- **What the exercise asks**
Pictures should be excluded; otherwise, copy every entry exactly.

Saved entries
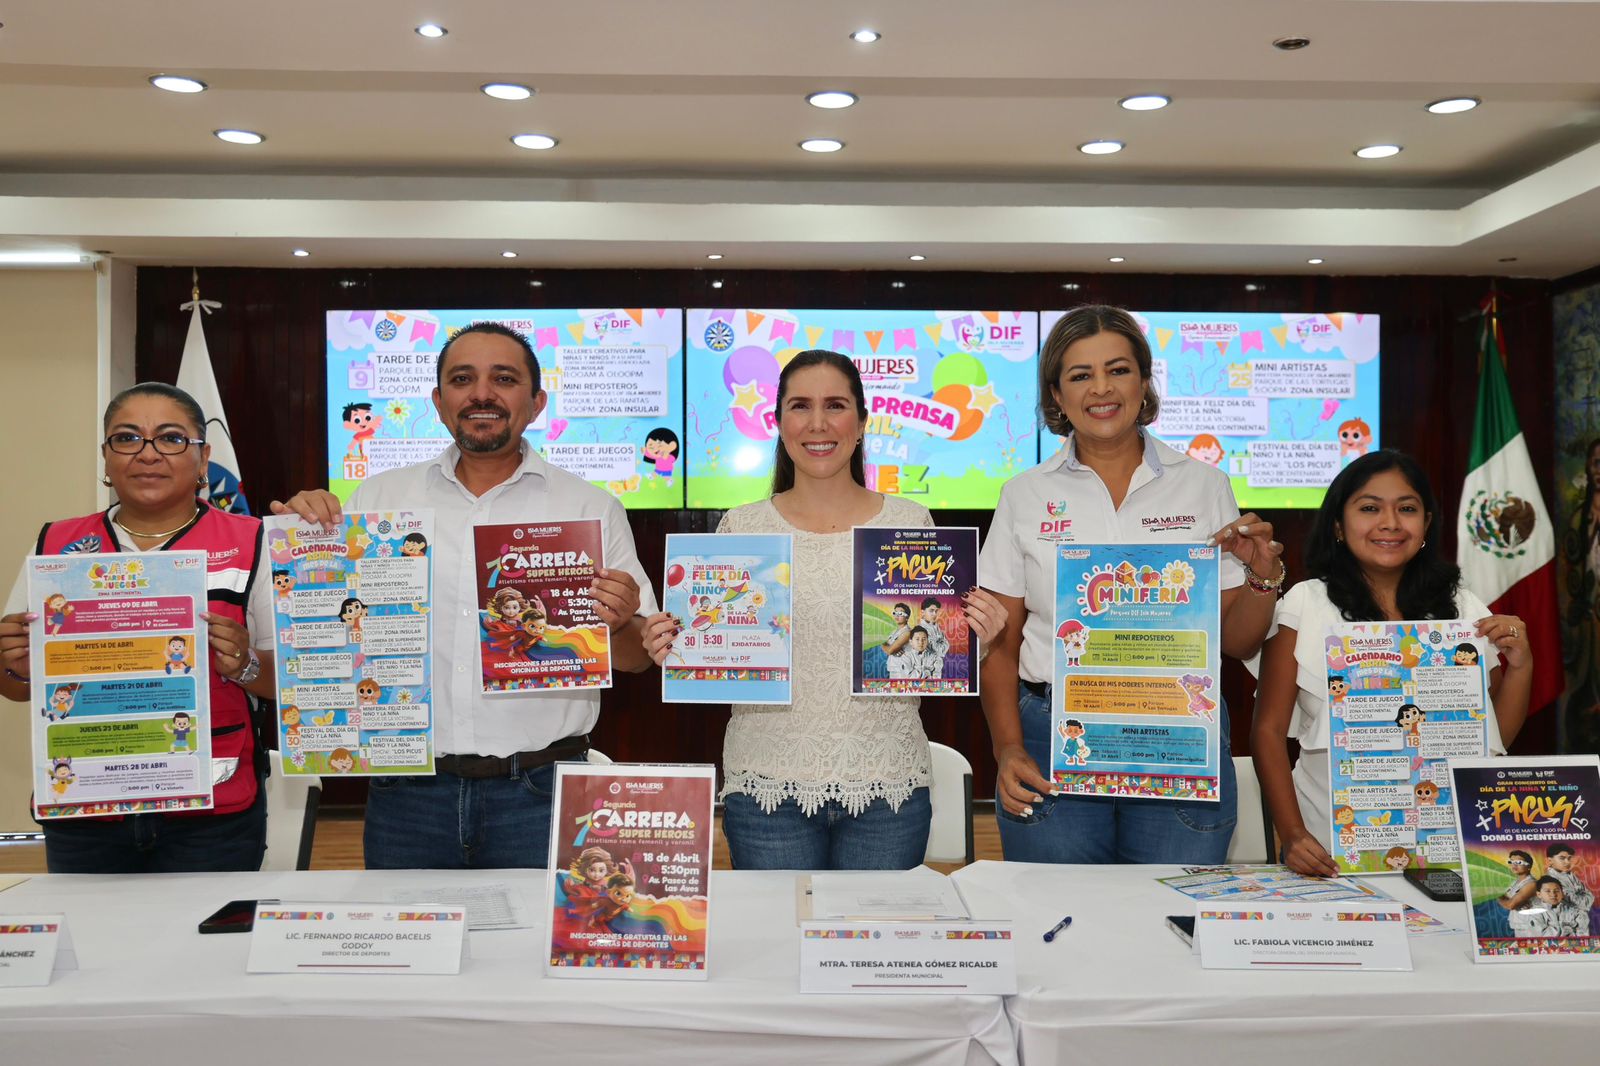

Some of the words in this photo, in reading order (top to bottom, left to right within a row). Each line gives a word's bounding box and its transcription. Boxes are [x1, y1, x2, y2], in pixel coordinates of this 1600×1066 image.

[611, 320, 631, 328] DIF
[990, 327, 1022, 340] DIF
[377, 356, 412, 364] TARDE
[416, 356, 431, 364] DE
[355, 371, 368, 387] 9
[1231, 374, 1250, 386] 25
[345, 464, 366, 478] 18
[1236, 460, 1244, 473] 1
[1161, 516, 1196, 524] MUJERES
[1040, 520, 1072, 533] DIF
[509, 545, 539, 553] Segunda
[501, 551, 590, 571] CARRERA
[527, 569, 556, 578] SUPER
[693, 571, 725, 581] FELIZ
[728, 568, 751, 581] DÍA
[103, 581, 137, 590] JUEGOS
[550, 589, 560, 597] 18
[562, 589, 574, 597] de
[1098, 587, 1190, 604] MINIFERIA
[281, 632, 294, 643] 14
[350, 633, 362, 643] 18
[685, 636, 696, 647] 30
[704, 635, 723, 645] 5:30
[1131, 634, 1175, 642] REPOSTEROS
[288, 663, 300, 673] 21
[494, 661, 540, 669] INSCRIPCIONES
[541, 659, 574, 667] GRATUITAS
[1140, 728, 1170, 736] ARTISTAS
[288, 737, 300, 746] 30
[1335, 736, 1348, 746] 14
[1408, 737, 1420, 747] 18
[1341, 765, 1353, 775] 21
[1480, 785, 1494, 793] DÍA
[603, 801, 636, 809] Segunda
[593, 808, 691, 829] CARRERA
[1406, 814, 1419, 824] 28
[619, 830, 651, 839] SUPER
[1481, 834, 1513, 842] DOMO
[1516, 833, 1592, 841] BICENTENARIO
[1341, 836, 1354, 845] 30
[643, 853, 654, 862] 18
[657, 853, 670, 863] de
[672, 853, 700, 863] Abril
[661, 865, 700, 876] 5:30pm
[662, 876, 687, 885] Paseo
[688, 877, 699, 885] de
[680, 885, 699, 893] Aves
[286, 932, 301, 941] LIC.
[303, 932, 352, 941] FERNANDO
[354, 933, 394, 941] RICARDO
[396, 933, 432, 941] BACELIS
[342, 941, 374, 950] GODOY
[1234, 938, 1250, 947] LIC.
[1252, 939, 1291, 947] FABIOLA
[1292, 939, 1334, 947] VICENCIO
[1336, 938, 1374, 947] JIMÉNEZ
[0, 950, 36, 958] ÁNCHEZ
[925, 959, 958, 968] GÓMEZ

- **Result**
Some of the words in this photo, in reading order (top to bottom, left to right within a row). Each line gives a word's bounding box and its transcription. Boxes are [x1, y1, x2, y2], in pixel coordinates of this 1600×1066 image.

[611, 320, 631, 328] DIF
[990, 327, 1022, 340] DIF
[377, 356, 412, 364] TARDE
[416, 356, 431, 364] DE
[355, 371, 368, 387] 9
[1231, 374, 1250, 386] 25
[345, 464, 366, 478] 18
[1236, 460, 1244, 473] 1
[1161, 516, 1196, 524] MUJERES
[1040, 520, 1072, 533] DIF
[509, 545, 539, 553] Segunda
[501, 551, 590, 571] CARRERA
[527, 569, 556, 578] SUPER
[693, 571, 725, 581] FELIZ
[728, 568, 751, 581] DÍA
[103, 581, 137, 590] JUEGOS
[550, 589, 560, 597] 18
[562, 589, 574, 597] de
[1098, 587, 1190, 604] MINIFERIA
[281, 632, 294, 643] 14
[350, 633, 362, 643] 18
[685, 636, 696, 647] 30
[704, 635, 723, 645] 5:30
[1131, 634, 1175, 642] REPOSTEROS
[288, 663, 300, 673] 21
[494, 661, 540, 669] INSCRIPCIONES
[541, 659, 574, 667] GRATUITAS
[1140, 728, 1170, 736] ARTISTAS
[288, 737, 300, 746] 30
[1335, 736, 1348, 746] 14
[1408, 737, 1420, 747] 18
[1341, 765, 1353, 775] 21
[1480, 785, 1494, 793] DÍA
[603, 801, 636, 809] Segunda
[593, 808, 691, 829] CARRERA
[1406, 814, 1419, 824] 28
[619, 830, 651, 839] SUPER
[1481, 834, 1513, 842] DOMO
[1516, 833, 1592, 841] BICENTENARIO
[1341, 836, 1354, 845] 30
[643, 853, 654, 862] 18
[657, 853, 670, 863] de
[672, 853, 700, 863] Abril
[661, 865, 700, 876] 5:30pm
[662, 876, 687, 885] Paseo
[688, 877, 699, 885] de
[680, 885, 699, 893] Aves
[286, 932, 301, 941] LIC.
[303, 932, 352, 941] FERNANDO
[354, 933, 394, 941] RICARDO
[396, 933, 432, 941] BACELIS
[342, 941, 374, 950] GODOY
[1234, 938, 1250, 947] LIC.
[1252, 939, 1291, 947] FABIOLA
[1292, 939, 1334, 947] VICENCIO
[1336, 938, 1374, 947] JIMÉNEZ
[0, 950, 36, 958] ÁNCHEZ
[925, 959, 958, 968] GÓMEZ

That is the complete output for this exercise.